Накануне суда Котовский, закованный в ручные и ножные кандалы, одет, как на воле, — на нем костюм, шляпа, высокие сапоги. Та же газета неистовствовала по этому уже не столь существенному поводу: «Уголовные арестанты, грабители и убийцы облачаются обыкновенно в арестантские халаты, как и подобает пр чину. Котовский же почему-то составляет исключение: одет он щегольски, держит себя нагло, развязно, вызывающе, защищается нахально, словом «герой дня» да и только. Кажется, что если адвокатам больше нравится видеть арестанта прилично одетым, то лучше всего было бы облачить Котовского во фрачную пару, а на ноги вместо кандалов надеть изящную цепочку от часов. Так было бы эффектнее».
Мир уголовщины был глубоко чужд Котовскому. Известно немало случаев стычек Григория Ивановича с убийцами, ворами, пытавшимися насаждать среди арестованных свои порядки. В Кишиневской тюрьме кроме официального порядка был еще и «порядок», установленный вожаками уголовников. Урки бессовестно обирали арестантов, заставляли их работать на себя, унижали человеческое достоинство заключенных, за неподчинение били, случалось и убивали. Но так было до появления в тюрьме Г. И. Котовского. Новый заключенный объявил, что отныне все будет иначе. И уголовники стали плести вокруг него заговоры. Котовского пытались ошпарить кипятком, нападали на него с ножами… Но трудно было осилить или перехитрить этого сильного и умного человека.

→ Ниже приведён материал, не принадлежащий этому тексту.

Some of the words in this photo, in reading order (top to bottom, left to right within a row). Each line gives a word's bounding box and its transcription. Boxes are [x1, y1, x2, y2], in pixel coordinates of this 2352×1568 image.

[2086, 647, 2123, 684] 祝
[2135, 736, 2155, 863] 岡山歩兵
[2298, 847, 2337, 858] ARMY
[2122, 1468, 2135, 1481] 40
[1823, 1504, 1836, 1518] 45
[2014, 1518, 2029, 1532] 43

Начался негласный поединок Котовского и вожака шайки профессиональных убийц Загари. Григория Ивановича предупредили о готовящемся нападении, некоторые из друзей советовали поостеречься, не вступать в конфликт с Загари. Но Котовский, напротив, сам искал повода, чтобы проучить главаря тюремных уголовников. Во время одной прогулки Загари и еще три бандита подошли к Котовскому и стали оскорблять его. Котовский нанес Загари удар такой силы, что бандит, слывший силачом, мячиком отлетел на мостовую. Между уголовниками и остальными арестантами завязалась драка, в ход пошли булыжники, железные прутья… С этого дня в арестантских камерах последнее слово всегда было за Котовским.

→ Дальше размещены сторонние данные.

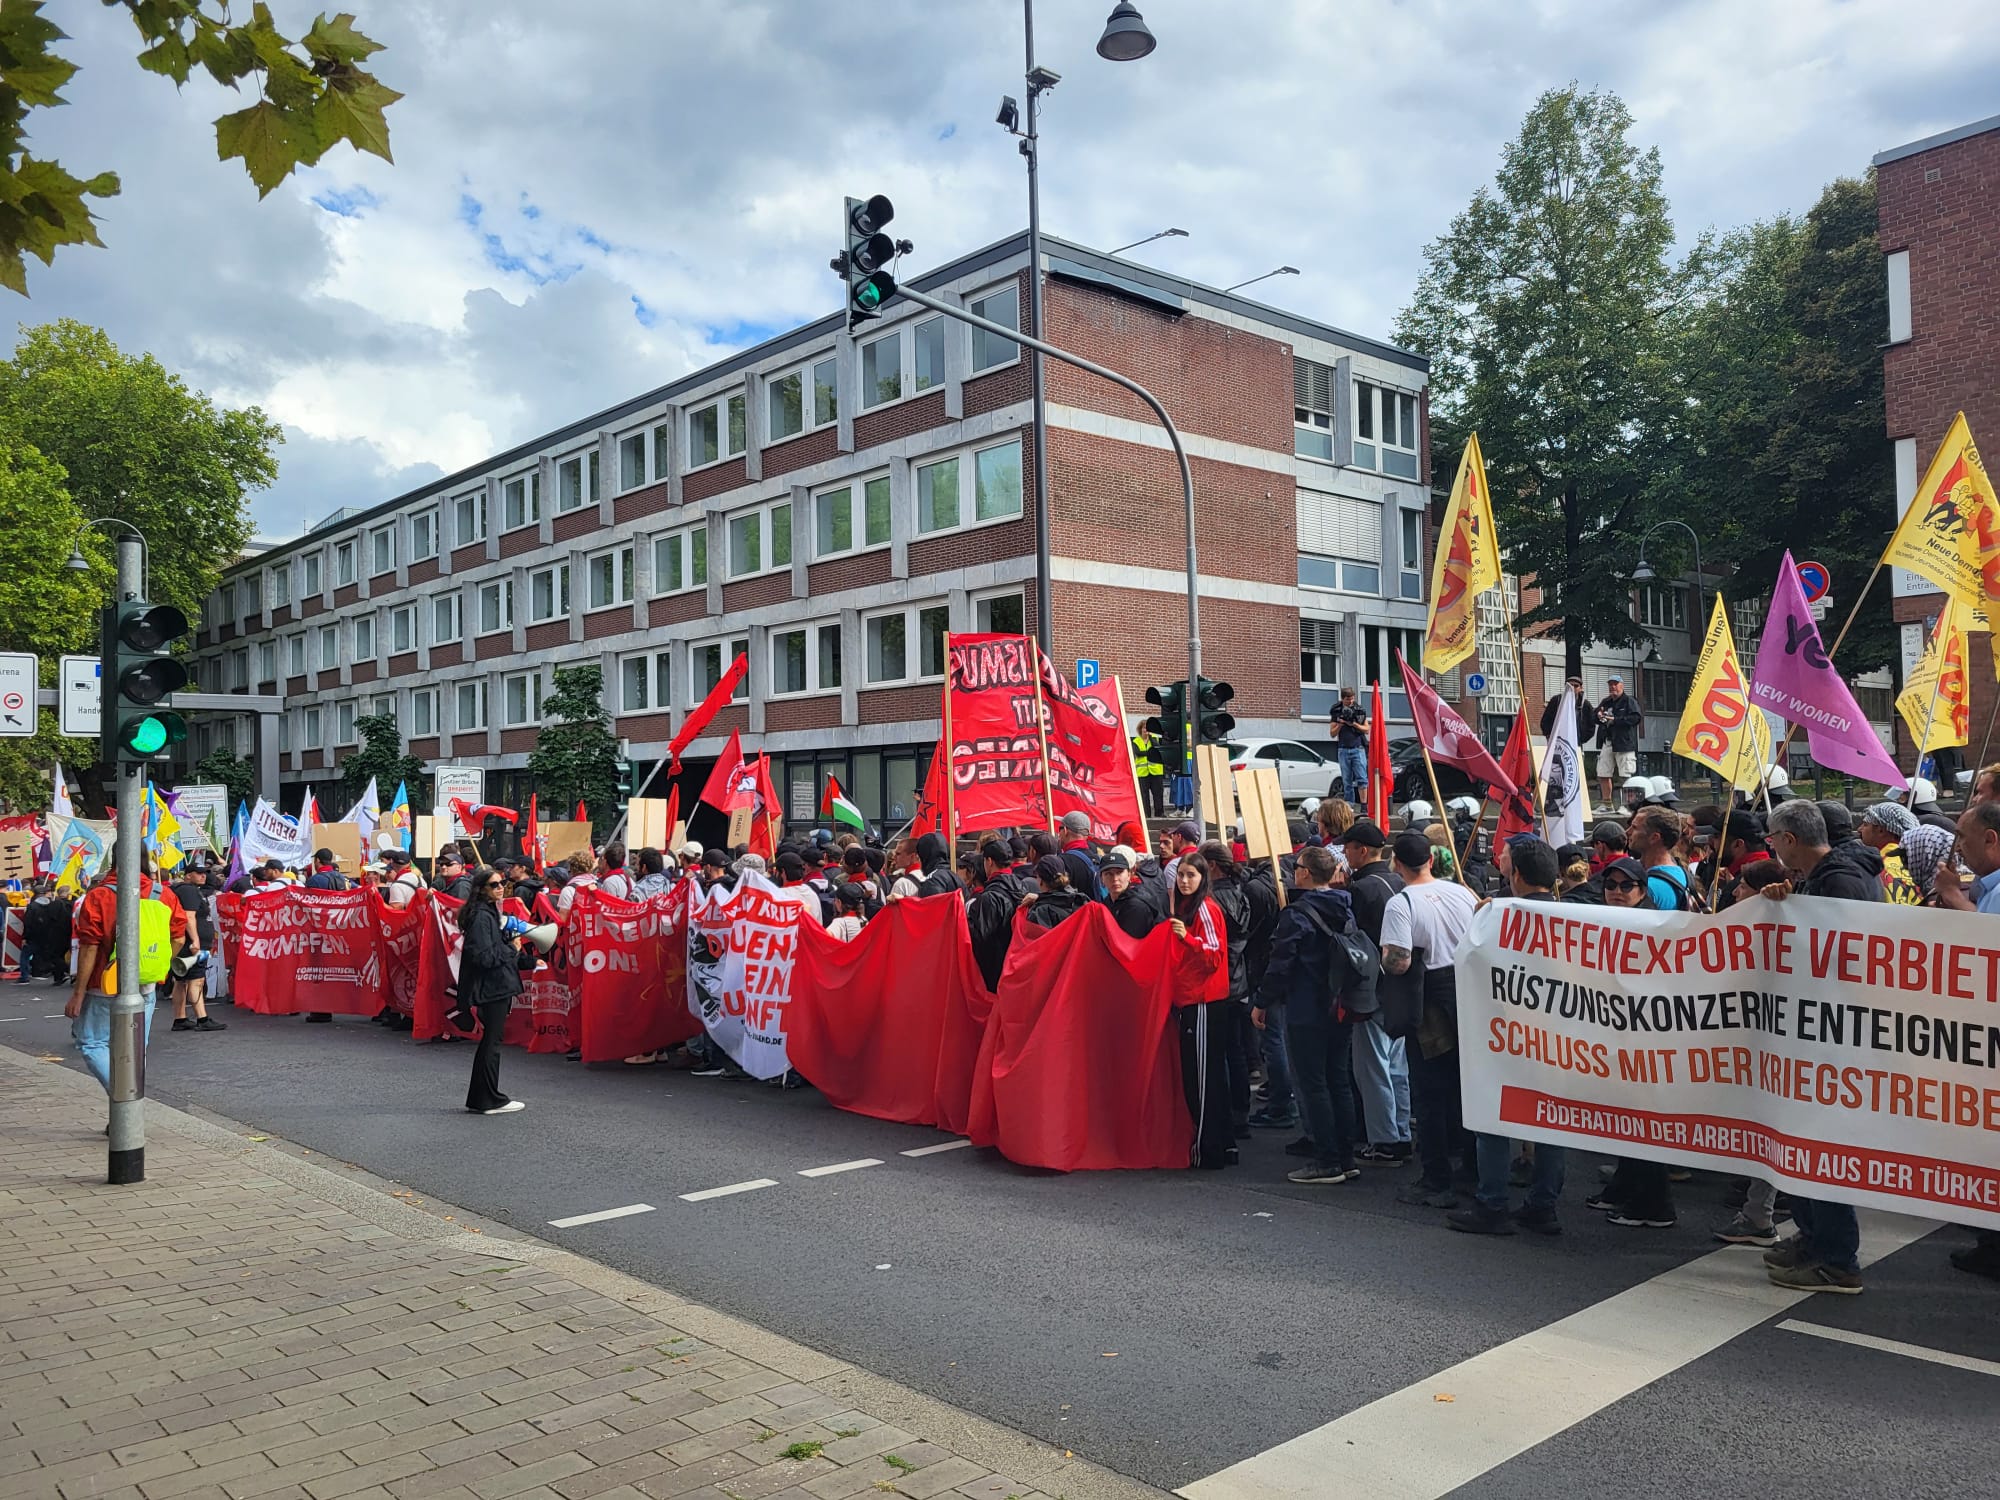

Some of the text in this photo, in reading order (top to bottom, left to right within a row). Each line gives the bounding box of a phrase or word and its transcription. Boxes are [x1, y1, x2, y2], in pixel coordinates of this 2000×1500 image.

[1926, 537, 1952, 557] Neue
[1083, 663, 1094, 686] P
[1754, 681, 1851, 734] NEW WOMEN
[1499, 908, 2000, 1002] WAFFENEXPORTE VERBIET
[1491, 965, 1787, 1036] RÜSTUNGSKONZERNE
[1488, 1017, 2000, 1132] SCHLUSS MIT DER KRIEGSTREIBE
[1535, 1099, 1645, 1138] FÖDERATION
[1650, 1120, 1687, 1144] DER
[1816, 1152, 1861, 1182] AUS
[1868, 1160, 1912, 1190] DER
[1920, 1166, 2000, 1206] TÜRKE

Следствие длилось больше года. Котовский и его товарищи на всех допросах твердили одно: главная цель их акций заключалась в стремлении помочь народу. Да, они забирали деньги и драгоценности у богатых, но большую часть их отдавали крестьянам, себе оставляли ровно столько, чтобы хватало на оружие, одежду и оплату жилья.

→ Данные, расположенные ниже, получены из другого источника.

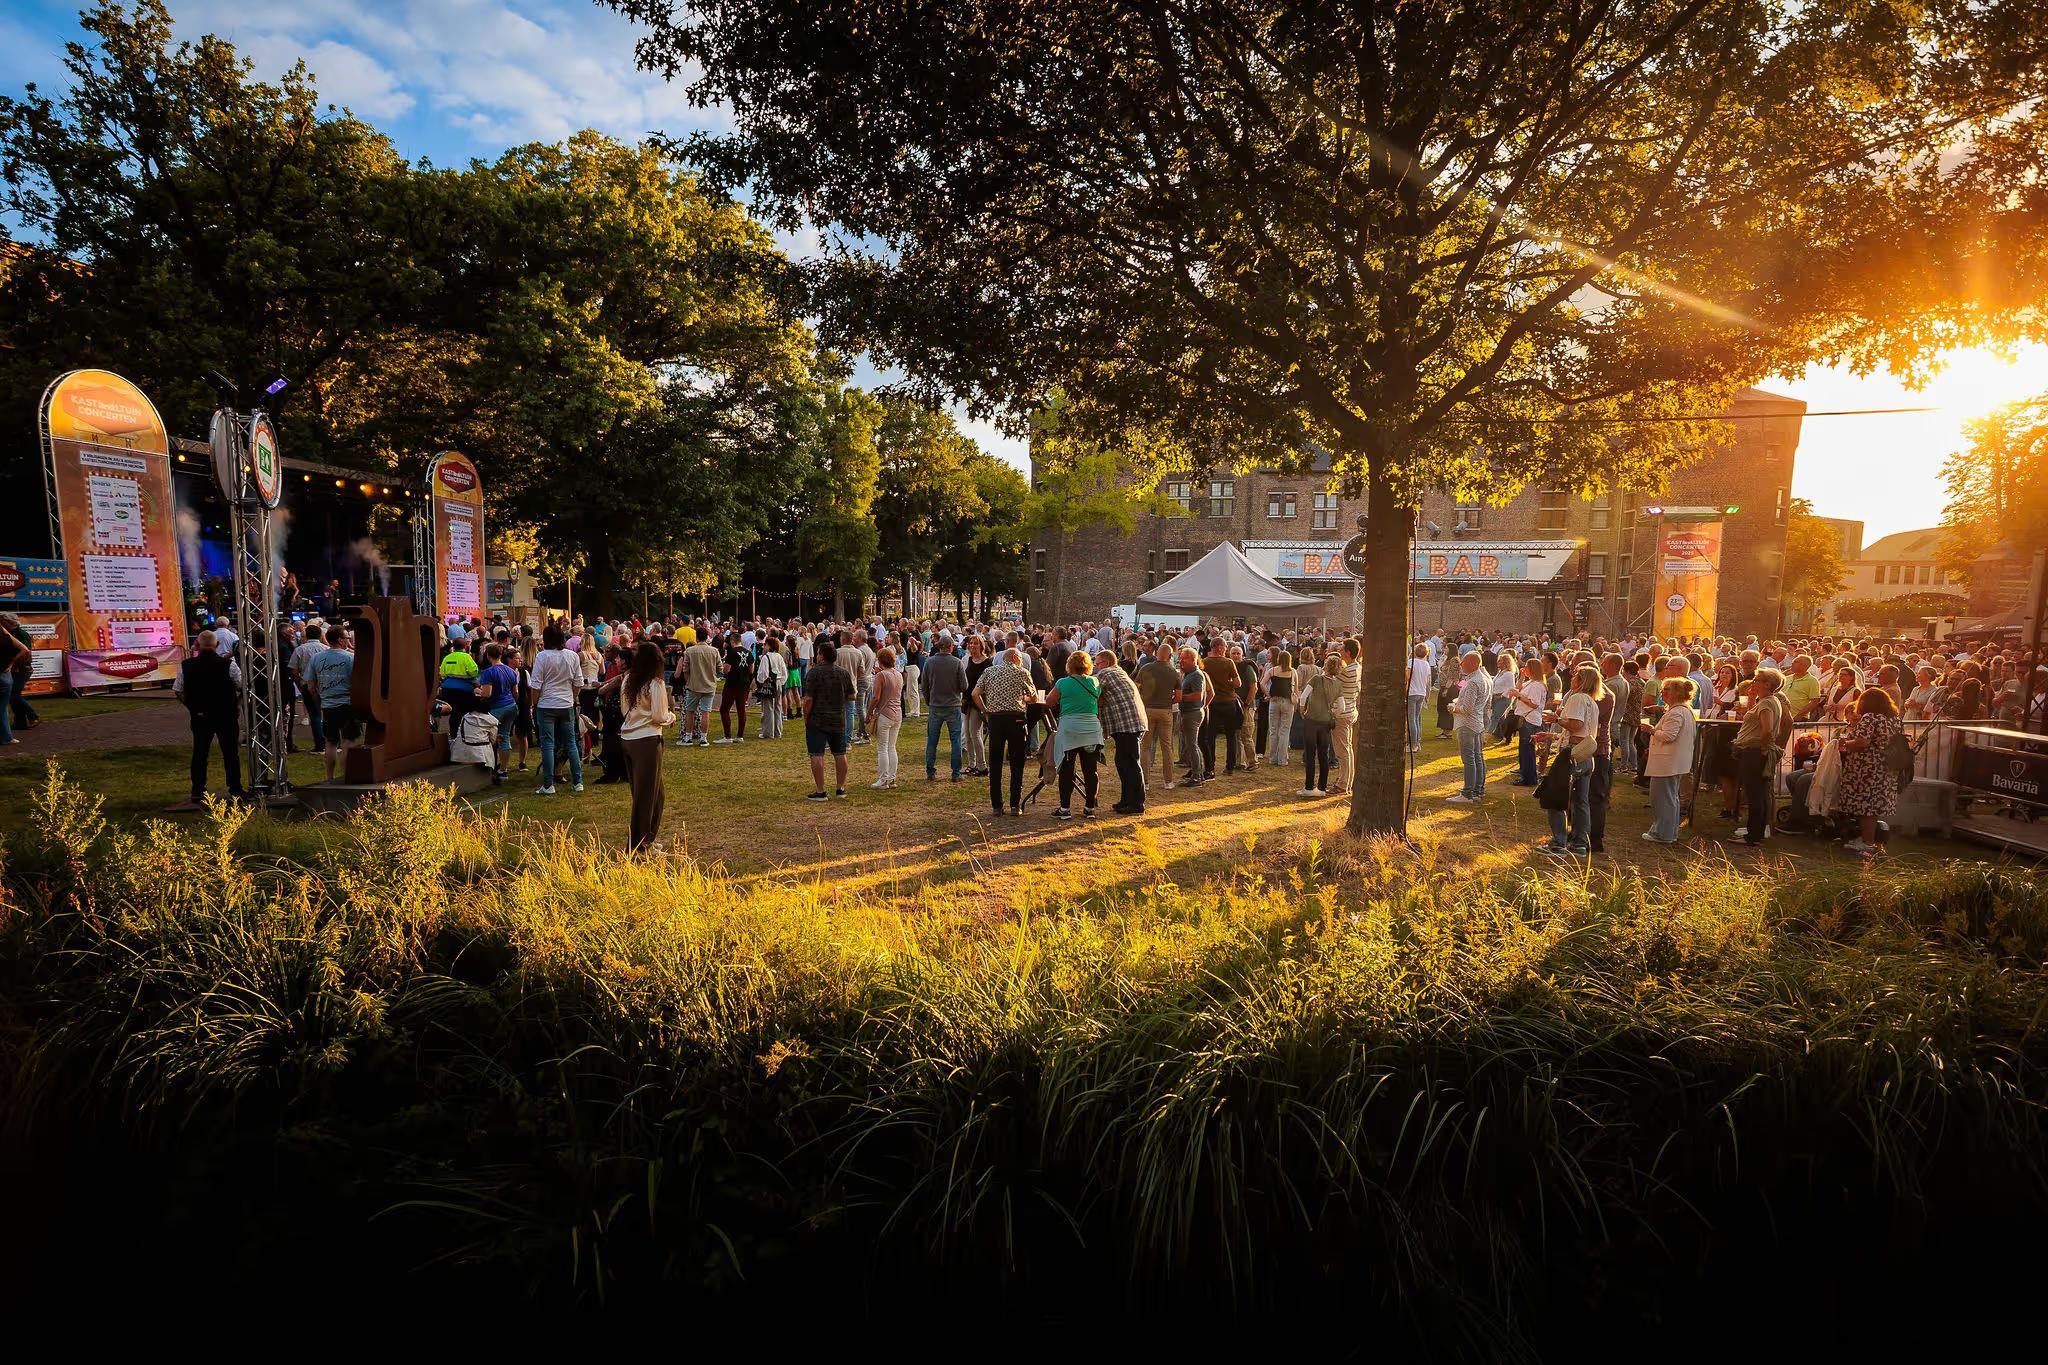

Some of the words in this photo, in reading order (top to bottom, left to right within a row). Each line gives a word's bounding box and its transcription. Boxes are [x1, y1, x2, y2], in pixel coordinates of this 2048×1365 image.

Суд вынужден был признать красноречивый факт: при аресте у Котовского не было обнаружено ни денег, ни драгоценностей. Облик бескорыстного защитника народа вызывал у трудовой Бессарабии бесконечные симпатии. К «делу» Котовского было приковано внимание миллионов сочувствовавших ему людей. Бывший адвокат Григория Ивановича, защищавший его на этом процессе, В. Городецкий уже в советское время писал: «Когда один человек, неимущий, отнимает часть имущества у другого, имущего, то обыкновенно он это делает в личных интересах, для себя и только для себя. Это просто и понятно всем.